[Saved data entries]
* * * * * * *

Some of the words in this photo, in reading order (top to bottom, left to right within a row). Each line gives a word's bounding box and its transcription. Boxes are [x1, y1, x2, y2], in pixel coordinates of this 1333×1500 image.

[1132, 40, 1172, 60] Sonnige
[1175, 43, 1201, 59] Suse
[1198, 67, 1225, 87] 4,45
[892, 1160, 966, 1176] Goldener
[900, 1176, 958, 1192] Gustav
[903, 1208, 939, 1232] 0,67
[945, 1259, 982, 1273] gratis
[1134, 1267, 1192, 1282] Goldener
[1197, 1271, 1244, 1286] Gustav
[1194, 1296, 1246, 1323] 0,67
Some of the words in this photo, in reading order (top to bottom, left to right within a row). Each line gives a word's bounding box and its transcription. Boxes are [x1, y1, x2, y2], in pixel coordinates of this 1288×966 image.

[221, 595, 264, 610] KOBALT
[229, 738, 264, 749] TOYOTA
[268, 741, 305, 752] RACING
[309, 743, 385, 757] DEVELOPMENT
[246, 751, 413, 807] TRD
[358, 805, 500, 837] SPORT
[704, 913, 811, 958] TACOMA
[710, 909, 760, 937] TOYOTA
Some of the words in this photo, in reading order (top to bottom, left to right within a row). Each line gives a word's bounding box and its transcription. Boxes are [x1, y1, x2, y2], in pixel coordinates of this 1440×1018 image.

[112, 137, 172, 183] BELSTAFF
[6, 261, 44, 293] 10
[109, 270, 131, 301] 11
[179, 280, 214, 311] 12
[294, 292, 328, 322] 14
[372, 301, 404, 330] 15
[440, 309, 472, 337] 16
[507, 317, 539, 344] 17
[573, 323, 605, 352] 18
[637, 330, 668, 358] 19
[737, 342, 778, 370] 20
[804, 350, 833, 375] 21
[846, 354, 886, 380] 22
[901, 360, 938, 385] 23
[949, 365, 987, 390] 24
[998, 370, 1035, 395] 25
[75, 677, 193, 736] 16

* * * * * * *

* Task to carry out: The line containing "this 1440×1018 image." and all lines after it, through the end of the entries above, are to be returned exactly and alone.

* Written solution:
Some of the words in this photo, in reading order (top to bottom, left to right within a row). Each line gives a word's bounding box and its transcription. Boxes are [x1, y1, x2, y2], in pixel coordinates of this 1440×1018 image.

[112, 137, 172, 183] BELSTAFF
[6, 261, 44, 293] 10
[109, 270, 131, 301] 11
[179, 280, 214, 311] 12
[294, 292, 328, 322] 14
[372, 301, 404, 330] 15
[440, 309, 472, 337] 16
[507, 317, 539, 344] 17
[573, 323, 605, 352] 18
[637, 330, 668, 358] 19
[737, 342, 778, 370] 20
[804, 350, 833, 375] 21
[846, 354, 886, 380] 22
[901, 360, 938, 385] 23
[949, 365, 987, 390] 24
[998, 370, 1035, 395] 25
[75, 677, 193, 736] 16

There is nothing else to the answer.